Scanner not working in Debian

I have a Trust Easy Connect 19200 Plus parallel port scanner, and I’ve been trying to get that to work under Linux. I found this link about the little brother of my scanner. As it says in that document, the latest version of sane (Scanner Access Now Easy) has native support for this scanner, so I downloaded and installed version 1.0.11 of the backends and 1.0.10 of the frontends.


Next, as it says in the above document, you first have to configure sane. Just edit your dll.conf (in /usr/local/etc/sane.d/) to make sure it contains a line with mustek_pp, which is the driver for this scanner.
Also edit the file mustek_pp.conf in the same directory, to configure the name and type of the scanner, and the parallel port it is connected to.
Then, as root, type scanimage -L, and you should see some output telling you your scanner has been found. Unlike what it says in the document, you don’t have to set the SANE_DEBUG_MUSTEK_PP environment variable.

As root, I can now use xsane, or xscanimage (or probably GIMP also) to scan…
However, as normal user, I cannot get it to work!

I have edited my /etc/inetd.conf and /etc/services exactly as is described in the document. Now, when I run scanimage -L, or any of the other programs, I see that /usr/local/sbin/saned is being run… But still, I get an error that no scanner can be found!
Maybe it has to do with the permissions for the parallel port, but I don’t know what I can do about it. The saned is being run as root, so that should work fine, shouldn’t it?
I have tried giving scanimage suid root, and then it does work, but there should be a better way, I think…
If anybody can tell me how, please let me know!

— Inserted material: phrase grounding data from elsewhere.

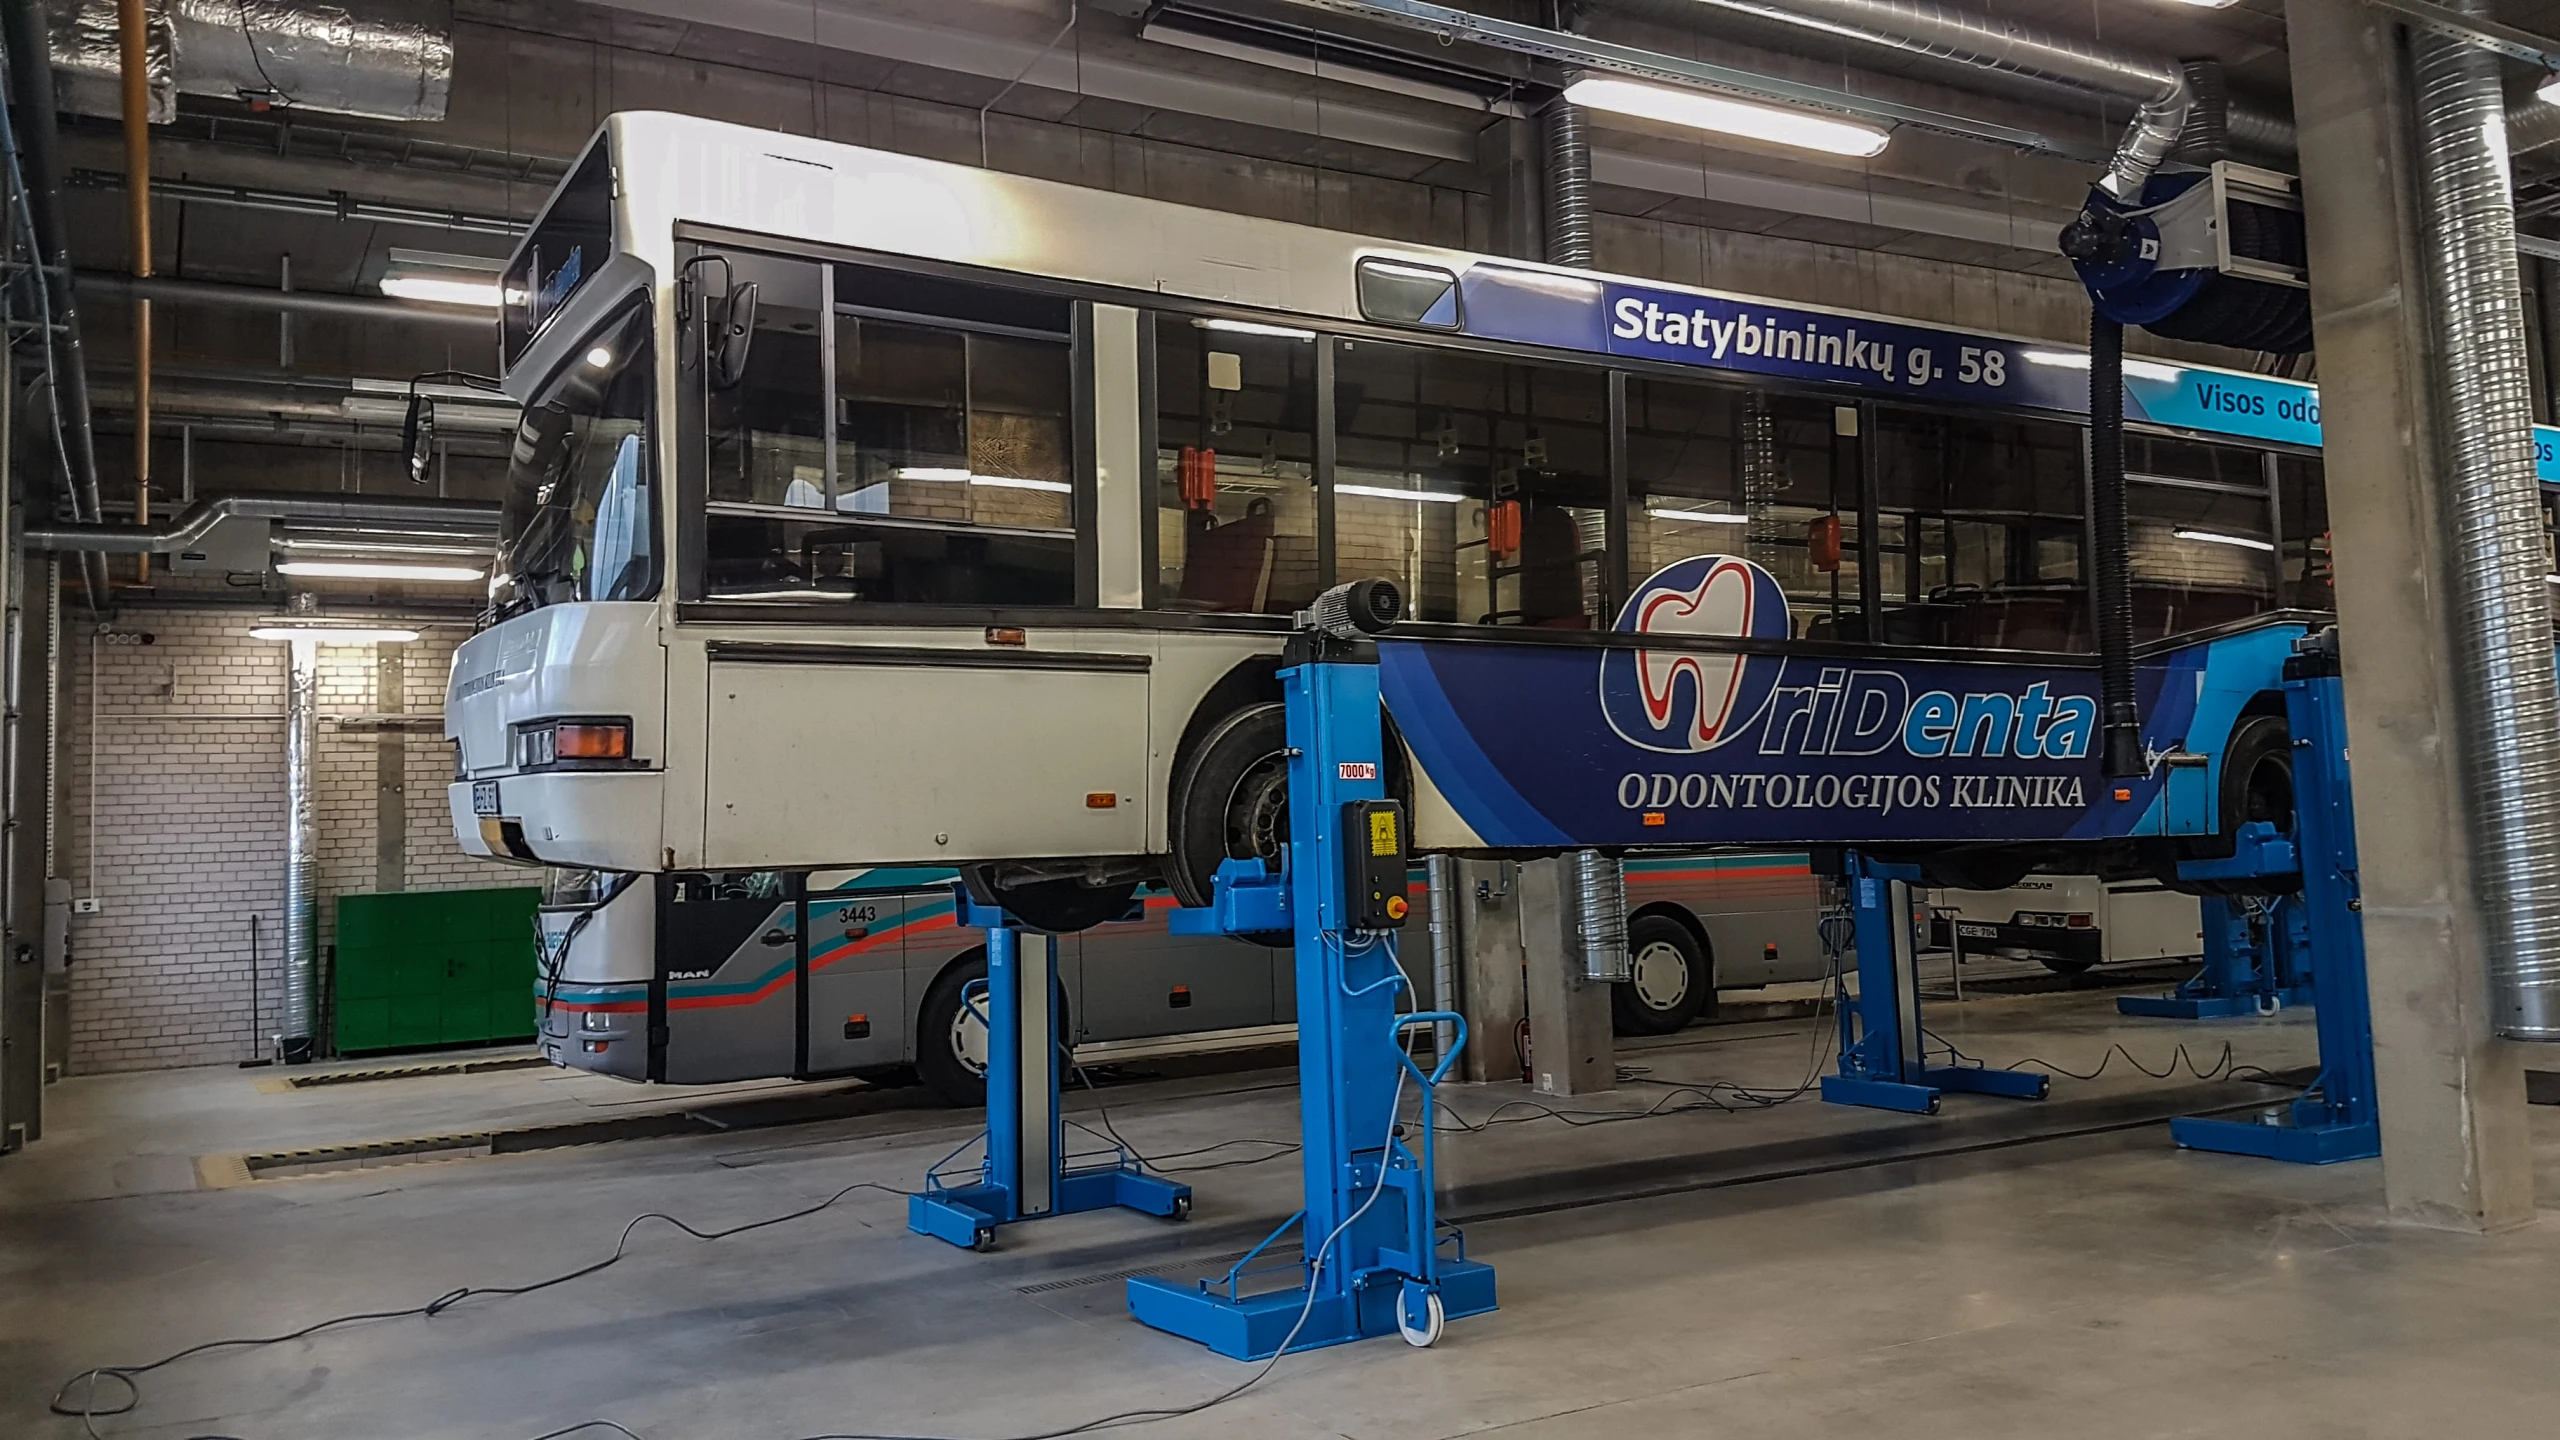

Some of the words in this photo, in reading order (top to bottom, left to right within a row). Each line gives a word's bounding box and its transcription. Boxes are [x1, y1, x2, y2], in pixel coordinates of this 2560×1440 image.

[1613, 297, 1894, 382] Statybininkų
[1908, 346, 1943, 386] g.
[1958, 347, 2006, 387] 58
[2196, 382, 2265, 416] Visos
[2277, 396, 2321, 425] odo
[1340, 764, 1364, 778] 7000
[1365, 764, 1375, 778] kg
[1617, 772, 1941, 817] ODONTOLOGIJOS
[1949, 774, 2087, 808] KLINIKA
[839, 906, 876, 924] 3443
[668, 968, 710, 980] MAN

Update: My scanner is working now. Don’t laugh… The problem was, I got a “Connection refused from 127.0.0.1″ in my syslog. So I had to add localhost to my /etc/hosts.allow. That was it.

Now, if you run scanimage -L as root, you get 2 scanners, both the parallel port (mustek_pp:Trust Easy Connect…) and the network scanner (net:localhost:mustek_pp:Trust Easy Connect…). As normal user, this network scanner is of course the only available scanner, because you need root permissions to access the parallel port.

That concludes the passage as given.